Posted in Fiction, Tacar on January 24th, 2013 by Annabelle – 8 Comments

The servant quietly closed the door behind her, leaving behind a motionless tableau: the Emperor’s first wife, Lady Cahlila, and three teenaged girls standing before her in a line.  Raicha tried not to let her eyes drop to the mosaic under her feet.  It was a fine example, three centuries old, but she’d seen it before, and as Camilia was always saying, showing guilt was as bad as getting caught.

Cahlila leaned back in her chair and gave them a considering look from those famously brilliant eyes.  Camilia, next to Raicha, met the look evenly, nearly identical eyes showing nothing but polite inquiry.  The corner of her mother’s mouth lifted slightly.  Camilia’s half-sister Sai, standing on Camilia’s other side, stood straight and tall.  Raicha envied her ease.

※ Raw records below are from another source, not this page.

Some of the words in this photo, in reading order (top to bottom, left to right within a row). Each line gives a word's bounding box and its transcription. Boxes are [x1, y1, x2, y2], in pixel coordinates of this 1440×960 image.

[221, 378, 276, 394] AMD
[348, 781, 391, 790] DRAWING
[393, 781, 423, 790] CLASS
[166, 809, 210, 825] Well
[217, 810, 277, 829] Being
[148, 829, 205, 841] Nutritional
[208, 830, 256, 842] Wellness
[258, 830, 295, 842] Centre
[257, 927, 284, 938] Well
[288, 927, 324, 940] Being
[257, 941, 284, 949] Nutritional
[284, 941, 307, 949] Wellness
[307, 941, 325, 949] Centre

“Lady Dahla had a very bad reaction to one of her paints this morning.”  They had known that.  Rumors in the hallways varied, but the overall trend suggested that she had a face full of hives and was refusing to come out of her rooms.

“Cosmetic creams go bad so quickly in the summer,” Camilia murmured sympathetically.  Her mother clearly did not believe that for a second, but faint amusement said it had been an acceptable parry.  “And she needs so many of them.”  That had been almost inaudible but Cahlila’s lips twitched.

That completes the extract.